**EXERCISE DESCRIPTION:**
Give back the lines below verbatim, omitting all pictures.

:: INPUT

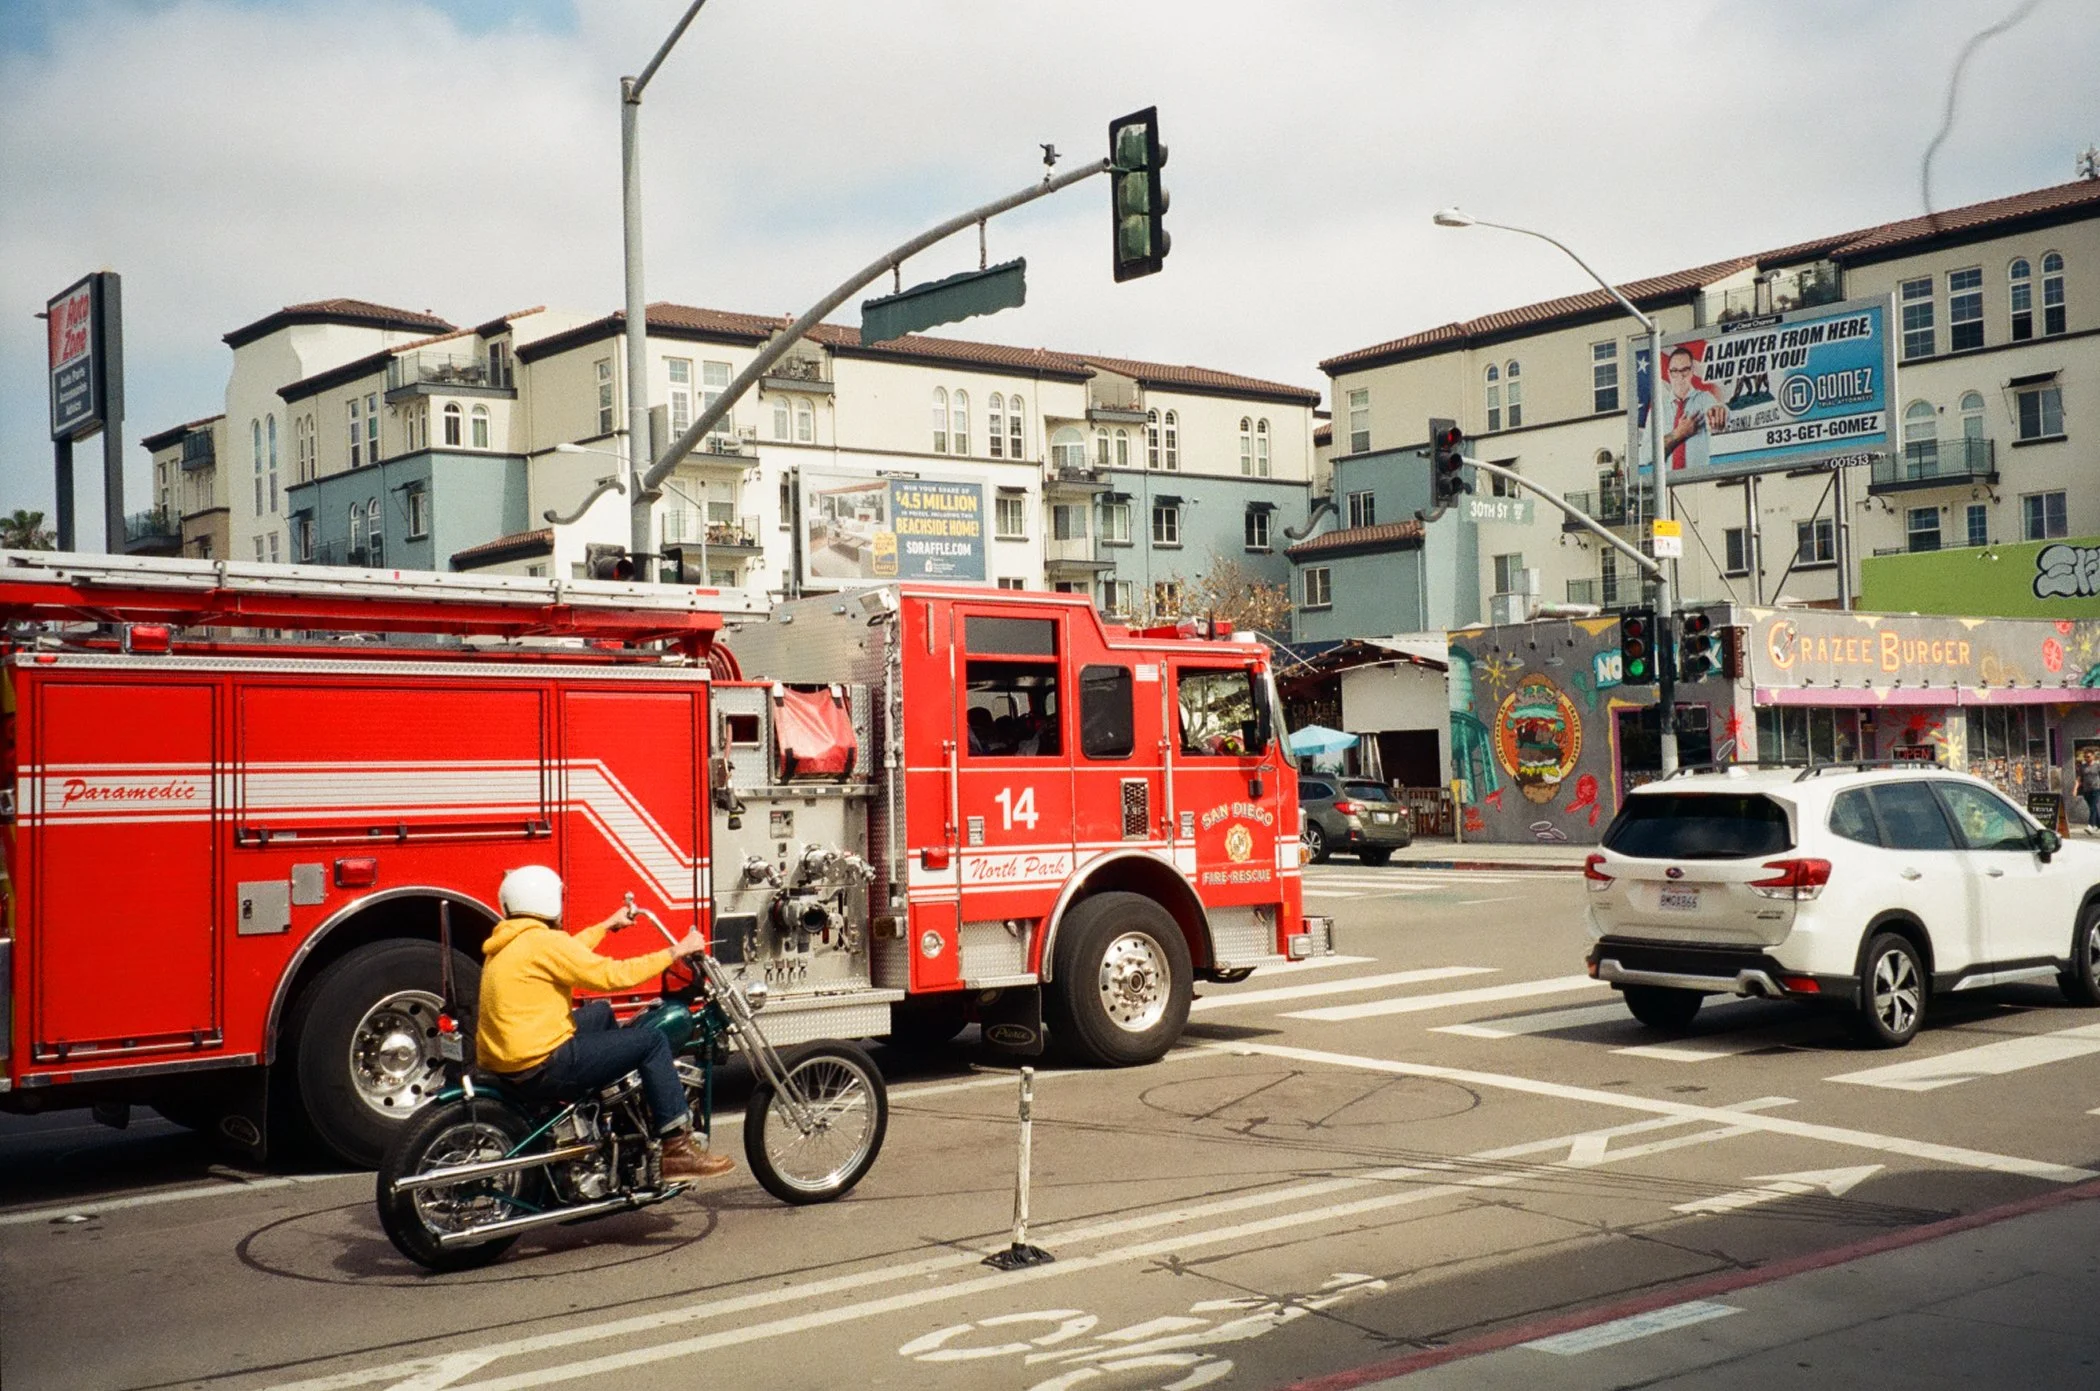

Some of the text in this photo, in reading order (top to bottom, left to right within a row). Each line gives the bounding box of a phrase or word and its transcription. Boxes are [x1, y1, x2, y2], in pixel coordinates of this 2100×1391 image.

[66, 293, 89, 328] Auto
[62, 327, 87, 361] Zone
[1704, 317, 1871, 363] A LAWYER FROM HERE,
[1704, 347, 1807, 381] AND FOR YOU!
[1817, 367, 1873, 400] GOMEZ
[1766, 416, 1878, 445] 833-GET-GOMEZ
[1830, 454, 1869, 469] 001513
[895, 490, 978, 512] $4.5 MILLION
[1470, 500, 1496, 518] 30TH
[1496, 502, 1508, 519] ST
[895, 516, 979, 537] BEACHSIDE HOME!
[906, 540, 972, 556] SDRAFFLE.COM
[1767, 619, 1874, 671] CRAZEE
[1879, 629, 1972, 673] BURGER
[63, 778, 196, 809] Paramedic
[994, 787, 1039, 830] 14
[1201, 801, 1274, 831] SAN DIEGO
[970, 855, 1065, 880] North Park

::::

**EXERCISE SOLUTION:**
Some of the text in this photo, in reading order (top to bottom, left to right within a row). Each line gives the bounding box of a phrase or word and its transcription. Boxes are [x1, y1, x2, y2], in pixel coordinates of this 2100×1391 image.

[66, 293, 89, 328] Auto
[62, 327, 87, 361] Zone
[1704, 317, 1871, 363] A LAWYER FROM HERE,
[1704, 347, 1807, 381] AND FOR YOU!
[1817, 367, 1873, 400] GOMEZ
[1766, 416, 1878, 445] 833-GET-GOMEZ
[1830, 454, 1869, 469] 001513
[895, 490, 978, 512] $4.5 MILLION
[1470, 500, 1496, 518] 30TH
[1496, 502, 1508, 519] ST
[895, 516, 979, 537] BEACHSIDE HOME!
[906, 540, 972, 556] SDRAFFLE.COM
[1767, 619, 1874, 671] CRAZEE
[1879, 629, 1972, 673] BURGER
[63, 778, 196, 809] Paramedic
[994, 787, 1039, 830] 14
[1201, 801, 1274, 831] SAN DIEGO
[970, 855, 1065, 880] North Park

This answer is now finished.